--- EXERCISE ---
Images aside, the whole listing should be written out word for word.

--- STUDY MATERIAL ---

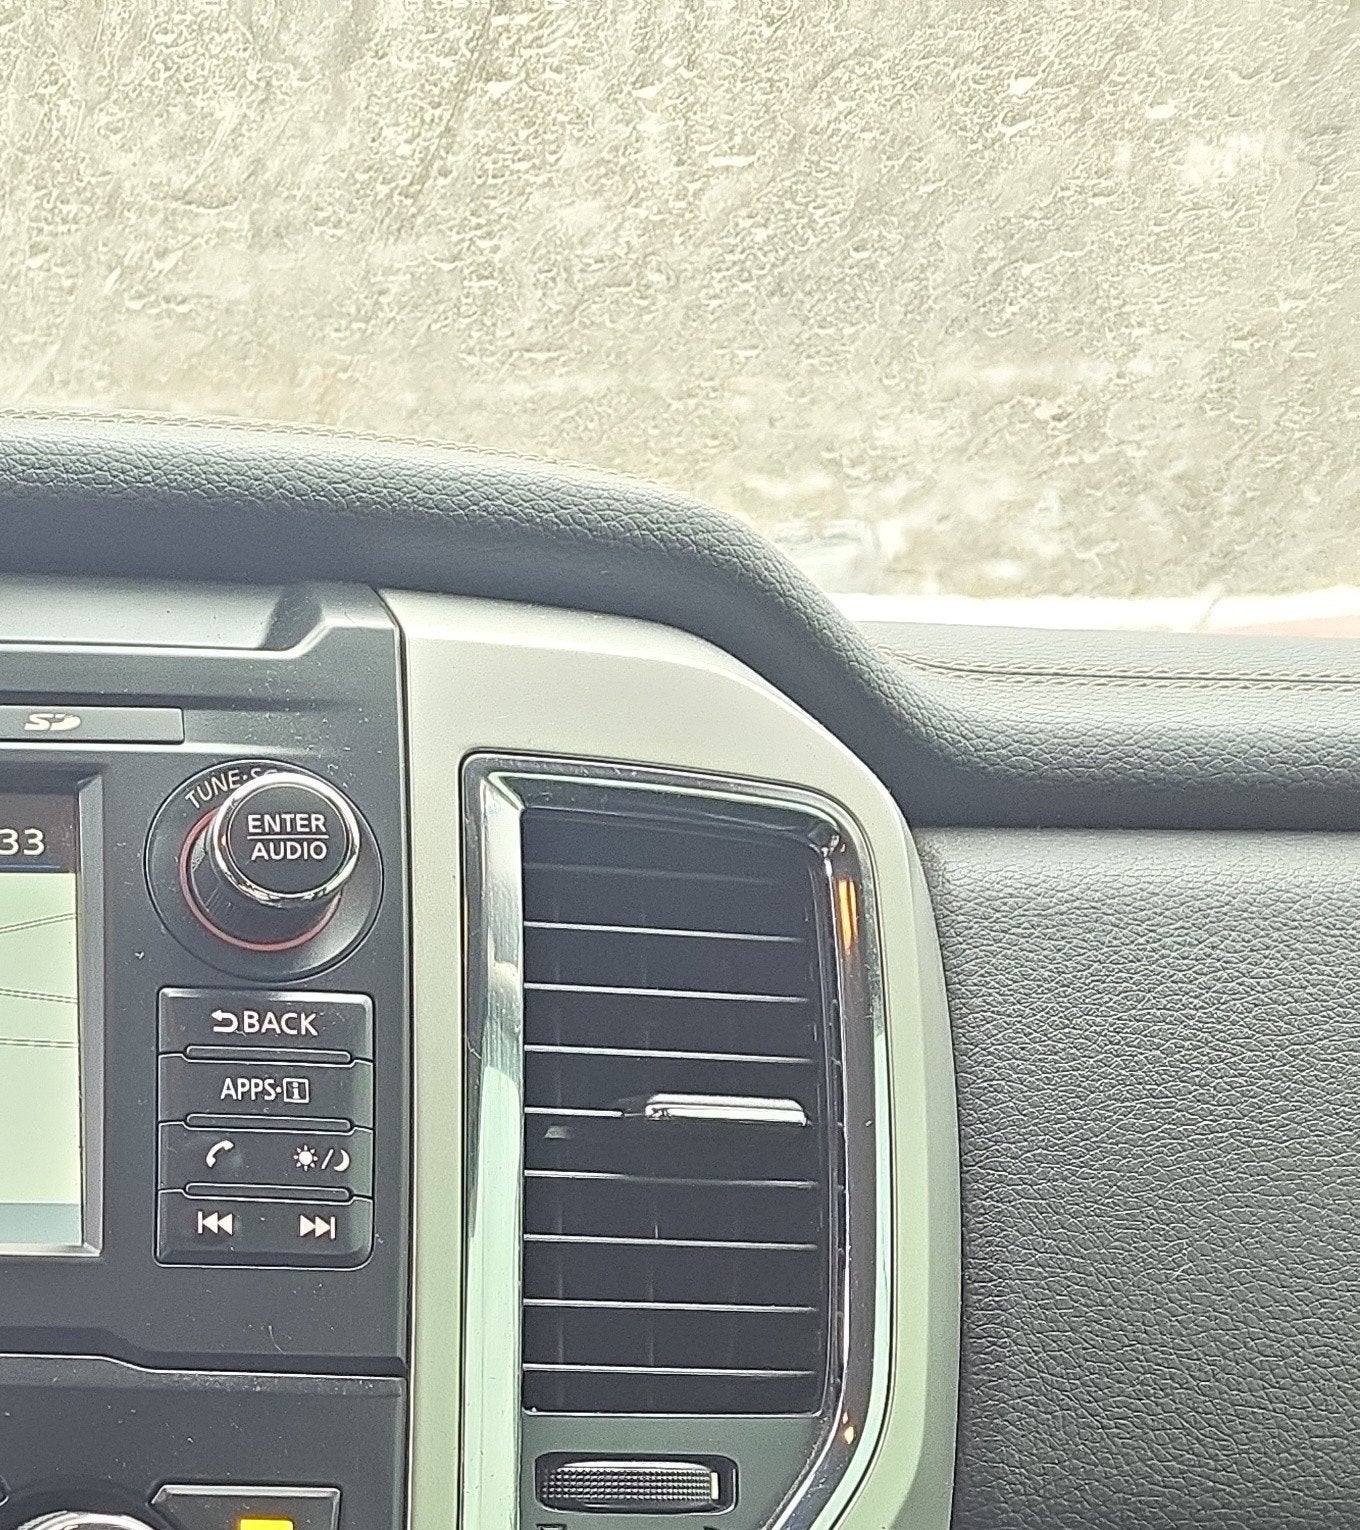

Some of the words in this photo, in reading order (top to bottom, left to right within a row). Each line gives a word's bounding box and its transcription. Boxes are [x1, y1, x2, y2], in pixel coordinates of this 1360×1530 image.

[24, 713, 81, 731] SD
[247, 813, 327, 834] ENTER
[251, 841, 328, 861] AUDIO
[243, 1010, 318, 1037] BACK

--- EXERCISE ANSWER ---
Some of the words in this photo, in reading order (top to bottom, left to right within a row). Each line gives a word's bounding box and its transcription. Boxes are [x1, y1, x2, y2], in pixel coordinates of this 1360×1530 image.

[24, 713, 81, 731] SD
[247, 813, 327, 834] ENTER
[251, 841, 328, 861] AUDIO
[243, 1010, 318, 1037] BACK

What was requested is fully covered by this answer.